EXERCISE REQUIREMENTS:
Please output each entry in the material beneath exactly as shown.

§ §

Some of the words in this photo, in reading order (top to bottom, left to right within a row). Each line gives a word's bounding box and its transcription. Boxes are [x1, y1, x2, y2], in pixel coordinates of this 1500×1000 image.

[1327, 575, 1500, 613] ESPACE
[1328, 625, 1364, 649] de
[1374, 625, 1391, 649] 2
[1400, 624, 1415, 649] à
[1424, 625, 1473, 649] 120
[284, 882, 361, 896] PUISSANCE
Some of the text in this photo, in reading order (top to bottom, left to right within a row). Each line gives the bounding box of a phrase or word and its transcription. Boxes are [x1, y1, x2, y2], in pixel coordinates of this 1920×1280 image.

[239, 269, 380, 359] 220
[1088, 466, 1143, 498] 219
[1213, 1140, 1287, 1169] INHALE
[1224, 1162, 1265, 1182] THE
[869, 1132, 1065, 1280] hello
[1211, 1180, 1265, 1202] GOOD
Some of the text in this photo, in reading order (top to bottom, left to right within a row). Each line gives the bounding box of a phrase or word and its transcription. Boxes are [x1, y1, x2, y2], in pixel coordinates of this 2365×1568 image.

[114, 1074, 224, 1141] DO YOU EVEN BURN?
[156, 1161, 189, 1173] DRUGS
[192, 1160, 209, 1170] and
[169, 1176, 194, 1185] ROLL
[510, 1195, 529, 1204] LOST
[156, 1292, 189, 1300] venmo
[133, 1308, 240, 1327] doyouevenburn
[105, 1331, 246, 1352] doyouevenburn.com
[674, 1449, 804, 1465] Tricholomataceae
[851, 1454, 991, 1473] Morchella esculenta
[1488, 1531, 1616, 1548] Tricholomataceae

§ §

EXERCISE OUTPUT:
Some of the words in this photo, in reading order (top to bottom, left to right within a row). Each line gives a word's bounding box and its transcription. Boxes are [x1, y1, x2, y2], in pixel coordinates of this 1500×1000 image.

[1327, 575, 1500, 613] ESPACE
[1328, 625, 1364, 649] de
[1374, 625, 1391, 649] 2
[1400, 624, 1415, 649] à
[1424, 625, 1473, 649] 120
[284, 882, 361, 896] PUISSANCE
Some of the text in this photo, in reading order (top to bottom, left to right within a row). Each line gives the bounding box of a phrase or word and its transcription. Boxes are [x1, y1, x2, y2], in pixel coordinates of this 1920×1280 image.

[239, 269, 380, 359] 220
[1088, 466, 1143, 498] 219
[1213, 1140, 1287, 1169] INHALE
[1224, 1162, 1265, 1182] THE
[869, 1132, 1065, 1280] hello
[1211, 1180, 1265, 1202] GOOD
Some of the text in this photo, in reading order (top to bottom, left to right within a row). Each line gives the bounding box of a phrase or word and its transcription. Boxes are [x1, y1, x2, y2], in pixel coordinates of this 2365×1568 image.

[114, 1074, 224, 1141] DO YOU EVEN BURN?
[156, 1161, 189, 1173] DRUGS
[192, 1160, 209, 1170] and
[169, 1176, 194, 1185] ROLL
[510, 1195, 529, 1204] LOST
[156, 1292, 189, 1300] venmo
[133, 1308, 240, 1327] doyouevenburn
[105, 1331, 246, 1352] doyouevenburn.com
[674, 1449, 804, 1465] Tricholomataceae
[851, 1454, 991, 1473] Morchella esculenta
[1488, 1531, 1616, 1548] Tricholomataceae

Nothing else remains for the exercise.